This recipe isn’t about fast food, it’s about taking a bit of extra care to create something that feels indulgent and satisfying. There’s a certain joy in biting into a tender, juicy piece of chicken that’s been coated in a crispy shell—more than just comfort food, it’s a small celebration of honest cooking. And once you get the hang of that double-coating, you’ll never go back to store-bought again.

Focusing on the importance of texture and crunch, this recipe emphasizes a double-coating technique that creates an irresistibly crispy exterior, making homemade chicken tenders feel more indulgent and satisfying than fast-food versions.

Crunchy Coating Secrets

  • I remember the first time I nailed that perfect crunch; it felt like a small victory after many tries.
  • There’s a chaos in the kitchen when I double-coat, but it’s always worth the messy hands and sizzling oil.
  • Nothing beats the warm smell of seasoned chicken filling the house—it’s a nostalgic call back to family dinners.
  • I take pride in making these tenders crispy on the outside and tender inside—simple, honest cooking.
  • Whenever I make this recipe, I feel a little bit like a kid again, eager for that first crunchy bite.

The story behind this recipe

I once got a craving for chicken tenders during a chaotic week, and instead of settling for takeout, I decided to experiment with making my own. That first batch was a disaster—oil splatters, uneven coating, but I learned a lot in the process. Over time, I started perfecting the double-coating technique, aiming for that elusive crispy exterior and juicy inside. Now, this recipe feels like a small rebellion against the fast-food rush, a way to reclaim comfort food with honest, homemade goodness.

Historical & Cultural Insights

  • Chicken tenders became a popular fast-food item in the 1950s, with chains like Kentucky Fried Chicken pioneering their crispy style.
  • The double-coating technique for extra crunch was likely developed by home cooks experimenting with breading layers in the early days of fried chicken recipes.
  • In the Midwest, chicken tenders are often called ‘chicken strips’ and are a staple at local diners and barbecues, evolving from traditional fried chicken pieces.
  • Originally, chicken tenders were made from the tenderloin part of the chicken, which is naturally tender and perfect for quick cooking and breading.
  • The idea of customizing chicken tenders with spices and coatings has roots in Southern comfort food, where bold flavors and crispy textures are highly valued.

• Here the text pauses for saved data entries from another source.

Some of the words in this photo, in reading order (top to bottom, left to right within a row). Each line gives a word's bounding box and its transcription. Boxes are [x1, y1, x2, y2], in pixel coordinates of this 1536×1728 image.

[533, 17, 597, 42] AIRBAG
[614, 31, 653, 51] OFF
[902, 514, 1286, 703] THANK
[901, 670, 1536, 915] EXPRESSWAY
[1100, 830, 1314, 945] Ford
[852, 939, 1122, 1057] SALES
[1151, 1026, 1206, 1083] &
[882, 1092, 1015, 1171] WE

Key Ingredients for Perfect Tenders

  • Chicken breasts: I prefer skinless, boneless breasts—they stay juicy and cook evenly. Skip the skin for a cleaner bite, but keep an eye on moisture levels.
  • Flour: I use all-purpose flour for the coating—it’s reliable and gives a nice crisp. Experiment with a touch of cornstarch for extra crunch if you like a lighter shell.
  • Egg wash: Beaten eggs help the coating stick; I sometimes add a splash of hot sauce for a bit of smoky heat that seeps into the crust.
  • Breadcrumbs: Panko breadcrumbs give the tenders a serious crunch—look for the big, flaky kind. Toast them lightly for a nuttier flavor before coating.
  • Seasonings: Salt, pepper, garlic powder, paprika—these are my staples. Feel free to toss in a pinch of cayenne or herbs to customize your flavor profile.
  • Oil: Neutral oil like vegetable or canola—hot enough (around 180°C/350°F)—the sizzle should be lively but not smoke. Keep a close eye to avoid burning.
  • Lemon: Brightens the whole thing—just a squeeze after frying boosts the flavor and adds a fresh zing that cuts through the richness.

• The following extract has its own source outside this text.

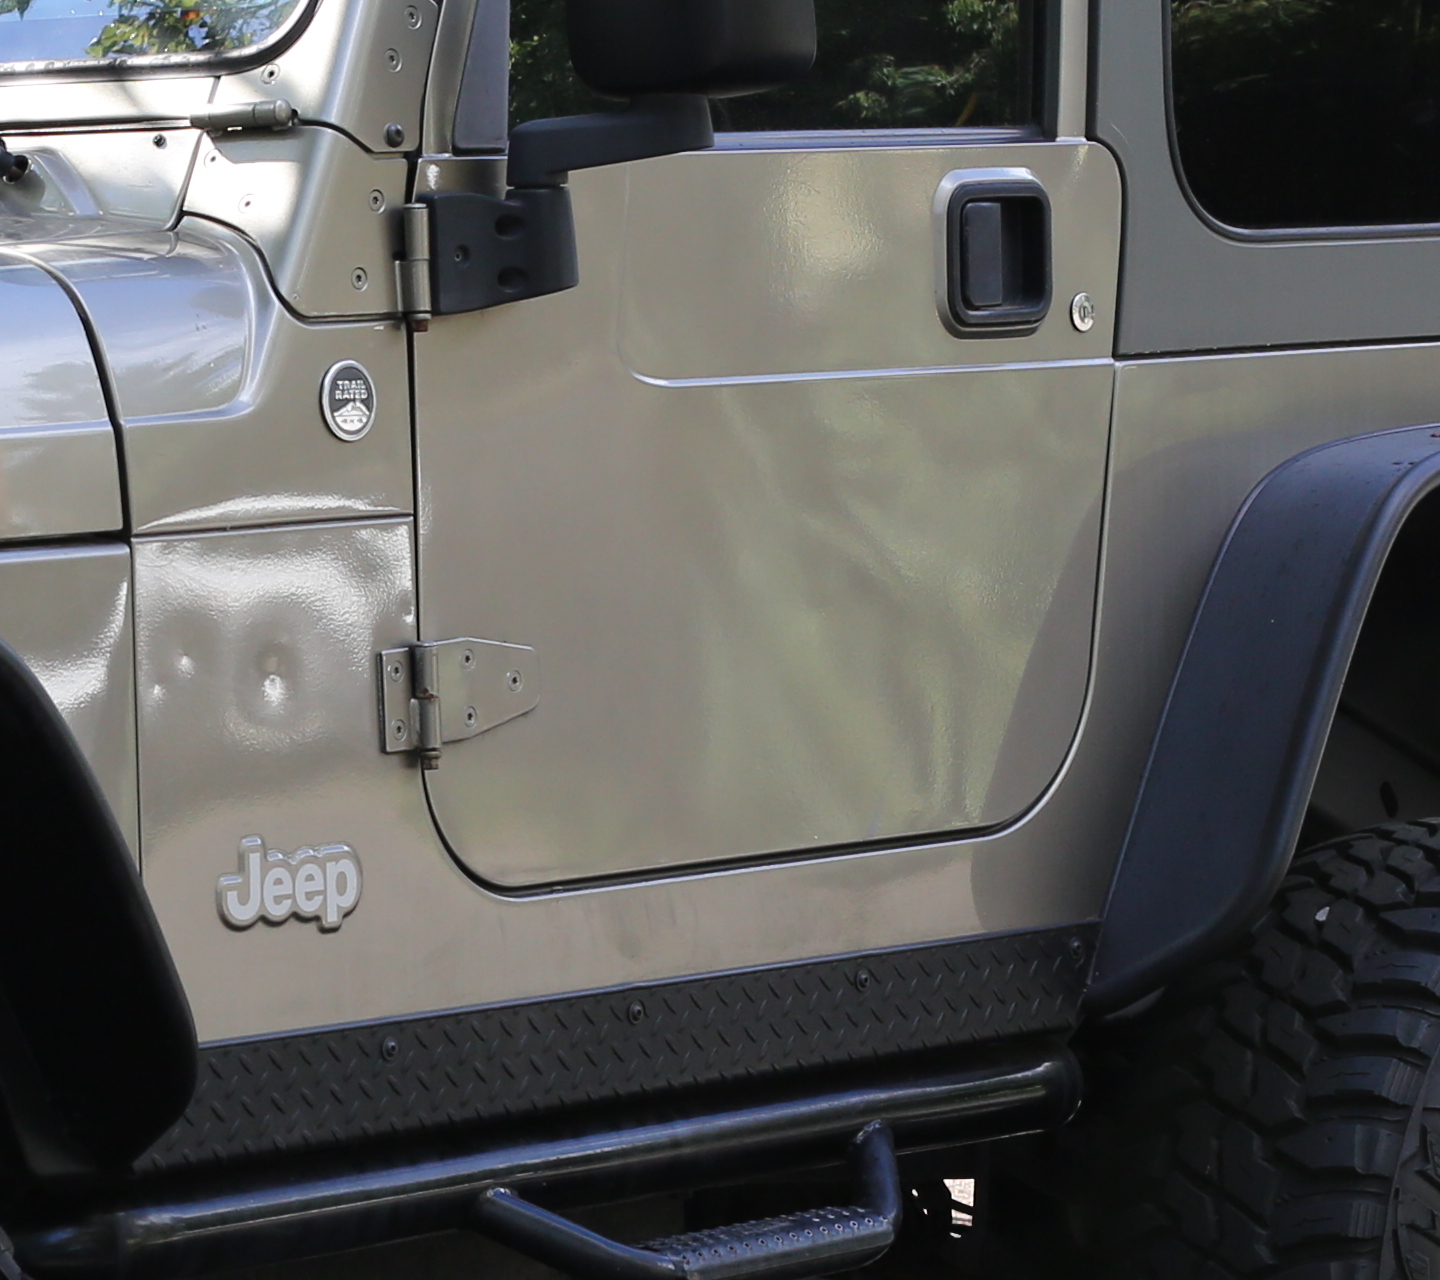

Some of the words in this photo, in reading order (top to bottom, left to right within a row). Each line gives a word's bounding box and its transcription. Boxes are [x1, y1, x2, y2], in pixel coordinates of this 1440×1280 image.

Spotlight on key ingredients

Chicken breasts:

  • I prefer skinless, boneless breasts—they stay juicy and cook evenly. Skip the skin for a cleaner bite, but keep an eye on moisture levels.
  • Flour: I use all-purpose flour for the coating—it’s reliable and gives a nice crisp. Experiment with a touch of cornstarch for extra crunch if you like a lighter shell.
  • Egg wash: Beaten eggs help the coating stick; I sometimes add a splash of hot sauce for a bit of smoky heat that seeps into the crust.

Breadcrumbs:

  • Panko breadcrumbs give the tenders a serious crunch—look for the big, flaky kind. Toast them lightly for a nuttier flavor before coating.
  • Oil: Neutral oil like vegetable or canola—hot enough (around 180°C/350°F)—the sizzle should be lively but not smoke. Keep a close eye to avoid burning.
  • Lemon: Brightens the whole thing—just a squeeze after frying boosts the flavor and adds a fresh zing that cuts through the richness.

Notes for ingredient swaps

  • Dairy-Free: Use almond milk or water in the egg wash—won’t have the richness of eggs but still helps coatings stick.
  • Gluten-Free: Swap all-purpose flour with rice flour or a gluten-free blend—crispiness remains, but watch for some dryness.
  • Low-Sodium: Use salt-free seasonings and skip added salt; focus on herbs and spices for flavor punch.
  • Breadcrumbs: Panko for crunch, but crushed cornflakes or crushed potato chips work great for a different crispy texture.
  • Oil: Avocado oil or light-tasting oils can replace vegetable oil—keep the heat consistent, they handle higher temps better.
  • Spicy Kick: Add cayenne or hot sauce to the egg mixture—gives heat without changing the breading process.
  • Lemon: Fresh lemon zest mixed into the coating or a squeeze after frying brightens flavor without extra prep.

Equipment & Tools

  • Shallow dishes and bowls: For coating ingredients and station setup.
  • Deep skillet or Dutch oven: For frying the tenders evenly and safely.
  • Tongs or slotted spoon: To handle hot tenders without splashes or burns.
  • Thermometer: To monitor oil and internal chicken temperature.
  • Wire rack or paper towels: To drain excess oil and keep tenders crispy.

Step-by-step guide to chicken tenders

  1. Equipment & Tools: Use a shallow dish for flour, a wide bowl for eggs, and a baking sheet or wire rack for coating. Tongs help handle the chicken without mess.
  2. Cut chicken breasts into strips about 1 inch wide—uniform sizes help with even cooking. Pat dry to help coatings stick.
  3. Prepare the coating stations: first, dredge in seasoned flour, tapping off excess; second, dip in beaten eggs, letting excess drip off; third, coat generously with panko breadcrumbs, pressing lightly.
  4. Heat oil in a deep skillet or Dutch oven to 180°C (350°F). Test with a breadcrumb—if it sizzles and rises, you’re ready.
  5. Carefully place tenders in hot oil, working in batches. Fry for 3-4 minutes, turning occasionally. They should turn golden and crispy. If oil smokes or tenders burn, lower heat slightly.
  6. Use tongs or a slotted spoon to transfer tenders to a paper-lined tray. Check for a deep golden color and an internal temp of 75°C (165°F).
  7. Step 6a: Rest the tenders for 2-3 minutes—this helps juices redistribute and keeps the coating crispy.
  8. Step 6b: Serve immediately with your favorite dipping sauces. For extra crunch, sprinkle a little flaky sea salt right after frying.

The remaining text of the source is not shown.